According to the Health and Safety Executive, one of the biggest causes of major life-changing injuries and fatalities in UK workplaces is due to the inherent risks of working at height.
However, it took until 2005 for workers outside of the construction sector to receive the same level of legal protection via the current active legislation, the Work At Height Regulations 2005.
To understand the importance of this legal instrument and why a major industry body is campaigning to protect it from repeal, we need to explore the regulations and why they were needed in the first place.
What The Regulations Cover
The Work At Height Regulations 2005 was largely derived from Europe-wide legislation intended to extend the legal responsibilities of employers, facilities managers and building owners who contract others to work at height.
Working at height is self-explanatory, but is defined as working anywhere where you could potentially fall far enough to hurt yourself.
This does not just mean working on a ladder, at the edge of a roof or on a scaffold or pulley system, but also anywhere where you could fall through a window, fragile roof, surface or opening and fall further.

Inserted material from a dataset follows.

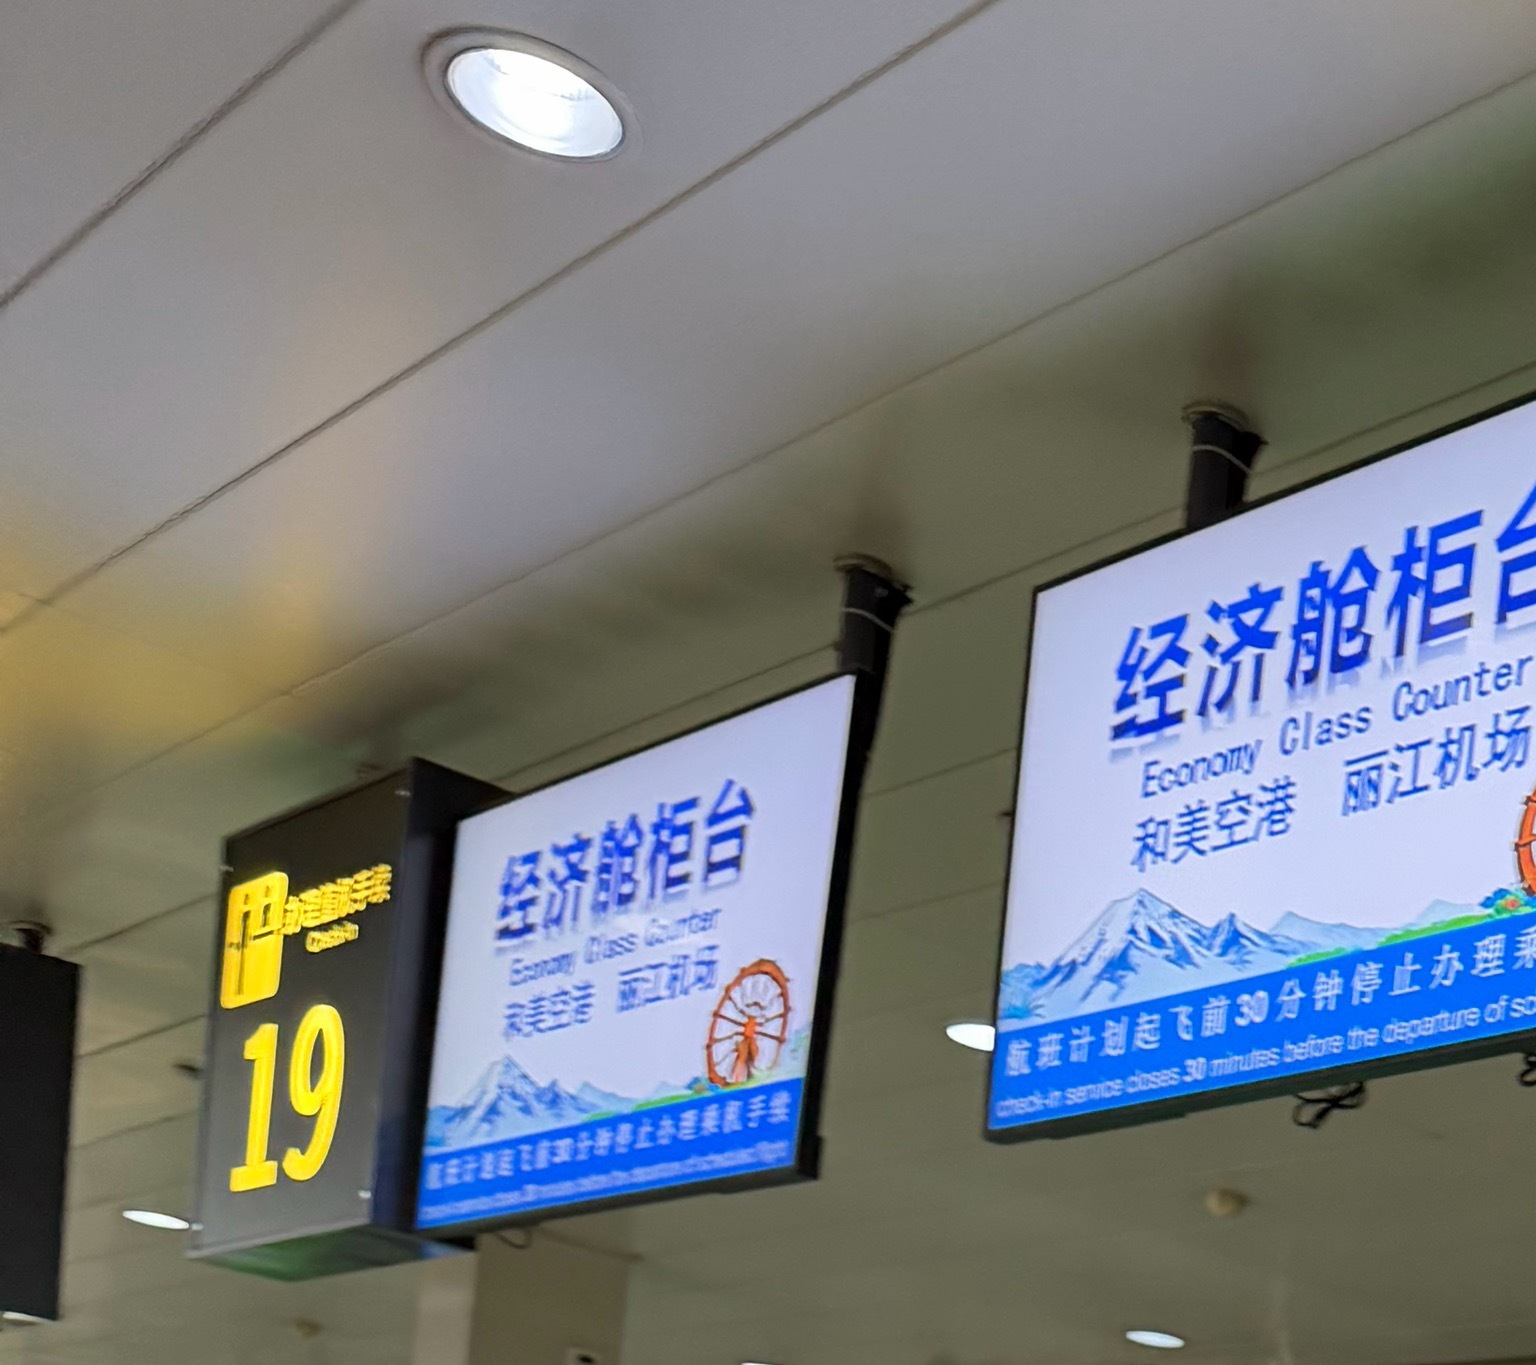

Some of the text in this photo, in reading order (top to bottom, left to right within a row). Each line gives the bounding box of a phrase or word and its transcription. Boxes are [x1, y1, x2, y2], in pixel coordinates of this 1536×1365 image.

Contrary to some accusations at the time, it did not ban ladders but instead required employers to either avoid working at height when they could or use precautions to prevent falls and minimise the risk of injury if they should happen.
This meant doing work from the ground, ensuring any equipment used was safe and suitable for the job, taking precautions when climbing as well as when on narrow surfaces, and considering what your protocol is if the worst should happen.
Prior to the 2005 Regulations being brought in, there were limited scattered protections for construction sights and dockyards, but no all-encompassing responsibility, and as a result deaths of people working at height were double what they are today.
However, the Access Industry Forum, dedicated to issues of working at height, has warned of the dangers of repealing the law and making a considerable step backwards for health and safety.
The issue is that, according to the AIF, because it was part of a Europe-wide drive to reduce deaths at height, it has been swept up in the Retained EU Law (Revocation and Reform) Bill, which plans to remove more than 2,400 laws from the statute book.
Many of these are health and safety related and cover manual handling and PPE, much to the chagrin of industry professionals and safety experts alike, who believe that this is a backwards step that hurts employees.
Working at height is inherently unsafe; by definition, it involves working in places where the consequences of falling can be life-altering, if not life-ending.
It does not need to be this way, but a legal repeal of current legislation risks encouraging a slip of high standards.